A simple change of light source might prove what is needed for high-resolution label-free mapping of thin biological samples.
Coherent Raman scattering (CRS) is a relatively young technique in the toolbox of the microscopist. It is a useful imaging approach that enables the generation of images through endogenous chemical species already present in samples, such as biological tissues. However, coherent Raman scattering has not kept up with recent advances in resolution in fields like fluorescent microscopy where the diffraction limit is often exceeded. In their recent work, Bi and colleagues present an extension of CRS microscopy that introduces unprecedented level of detail for CRS imaging of biological specimen1.

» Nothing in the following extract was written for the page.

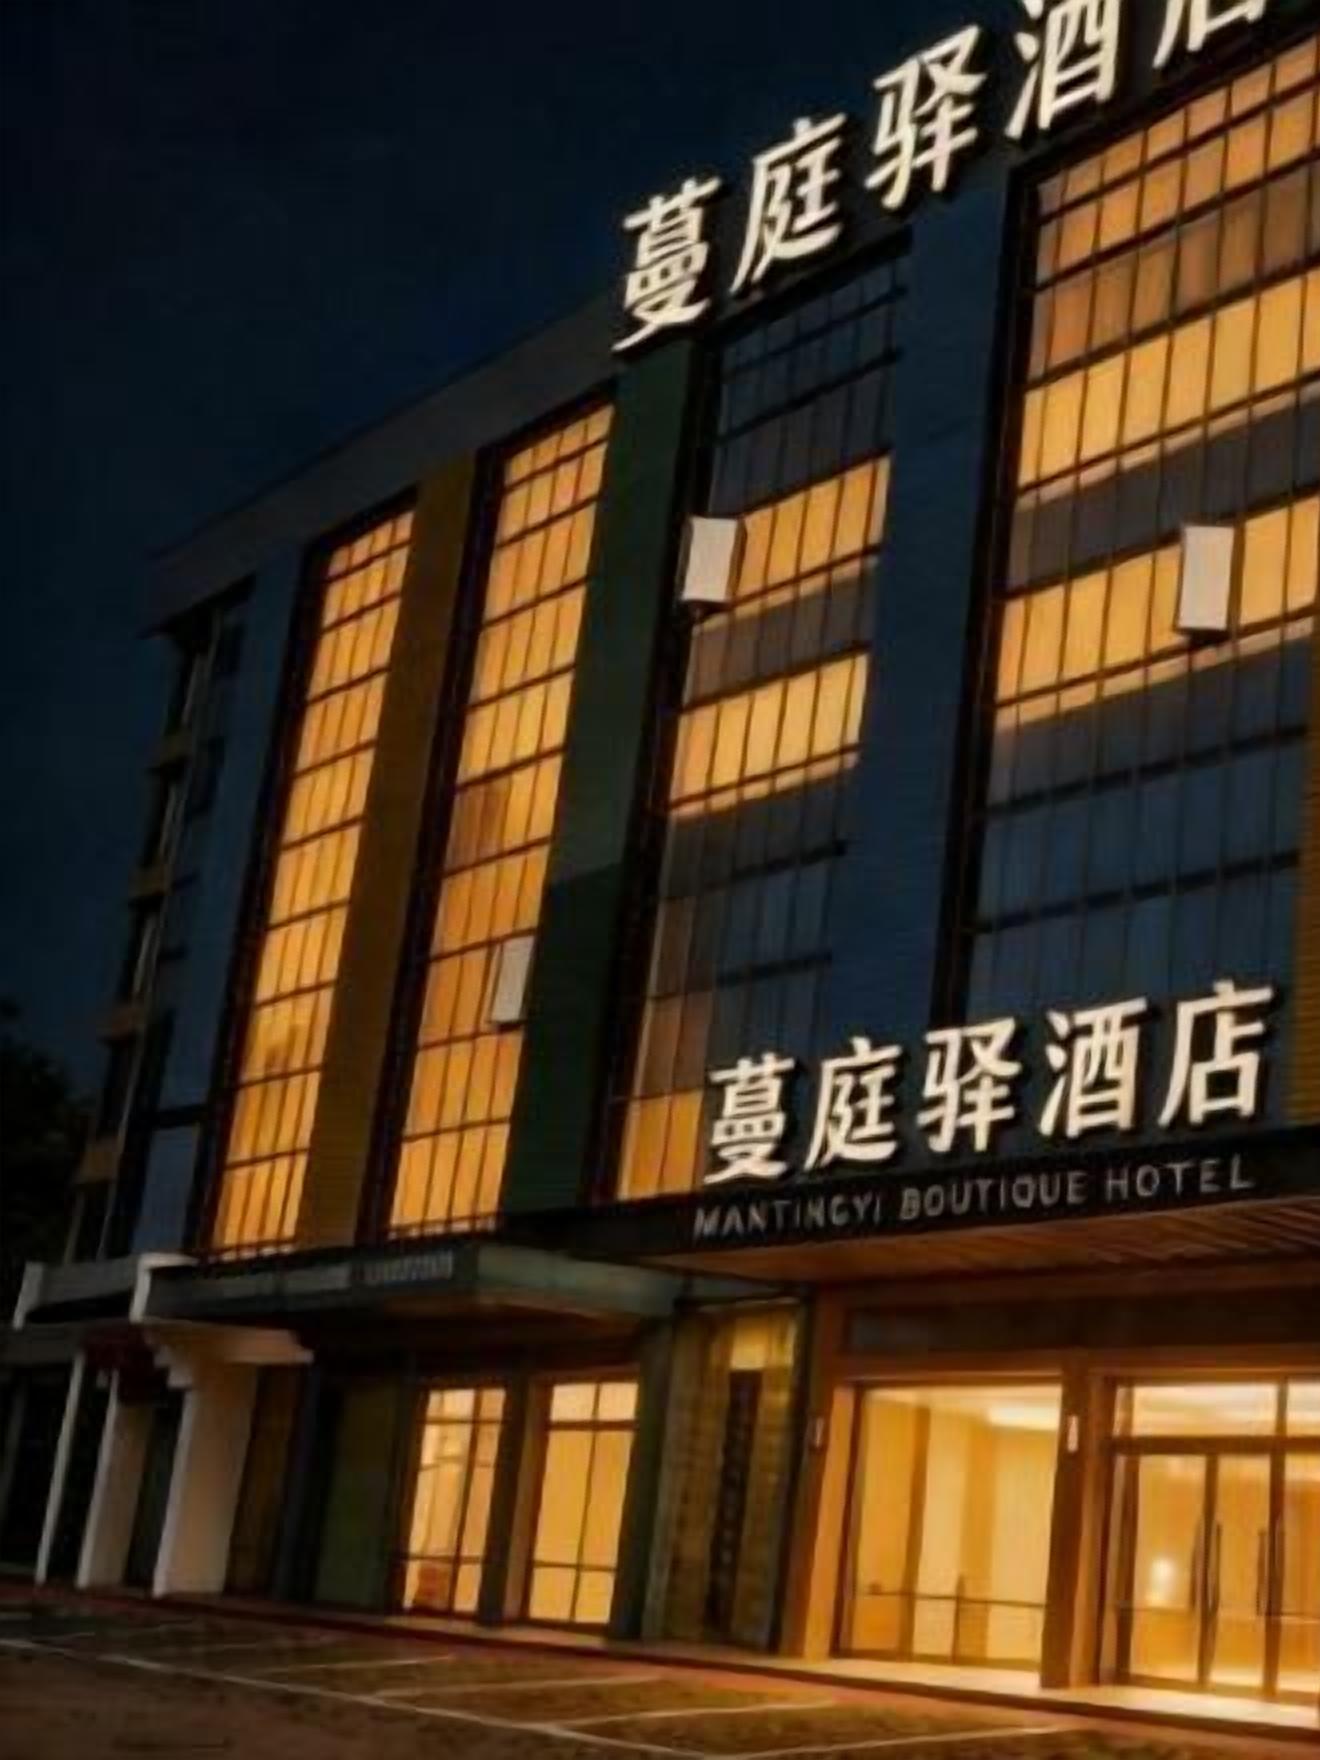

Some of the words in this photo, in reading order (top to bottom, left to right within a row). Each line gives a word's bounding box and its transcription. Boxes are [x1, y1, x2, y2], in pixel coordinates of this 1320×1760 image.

The development of CRS microscope tracks very closely with the evolution of the laser itself. The first coherent Raman scattering microscope was powered by visible dye lasers, which were common in the early 1980s2. The wide spectral tuning range of dye lasers made them a natural choice for CRS experiments. The modern version of the CRS microscope makes use of more reliable and compact ultrafast light sources that provide pump and Stokes beams in the near-infrared (NIR) range3. However, the choice of excitation wavelength is predicated on more than just the available laser sources of the day. NIR excitation beams experience less scattering than their visible counterparts, allowing for deeper imaging in turbid media, such as biological tissues. Because the absorption of light by biological materials is significantly higher in the visible range, the use of NIR excitation limits the deposition of energy in samples, thereby reducing photodamaging effects.
Because of their favorable properties for biological imaging, NIR light sources have become the gold standard for CRS. Utilizing NIR excitation, CRS microscopy has been immensely successful at visualizing live cells and tissues, helping unravel outstanding problems in biology and biomedicine. However, the longer wavelength of the NIR sources has a downside. The spatial resolution in optical microscopy is inversely correlated with the wavelength of light; a longer wavelength implies a lower resolution. Using high numerical aperture (NA) objective lenses, the lateral spatial resolution in CRS imaging is typically ~0.3 μm, i.e., too low to resolve many relevant cellular structures.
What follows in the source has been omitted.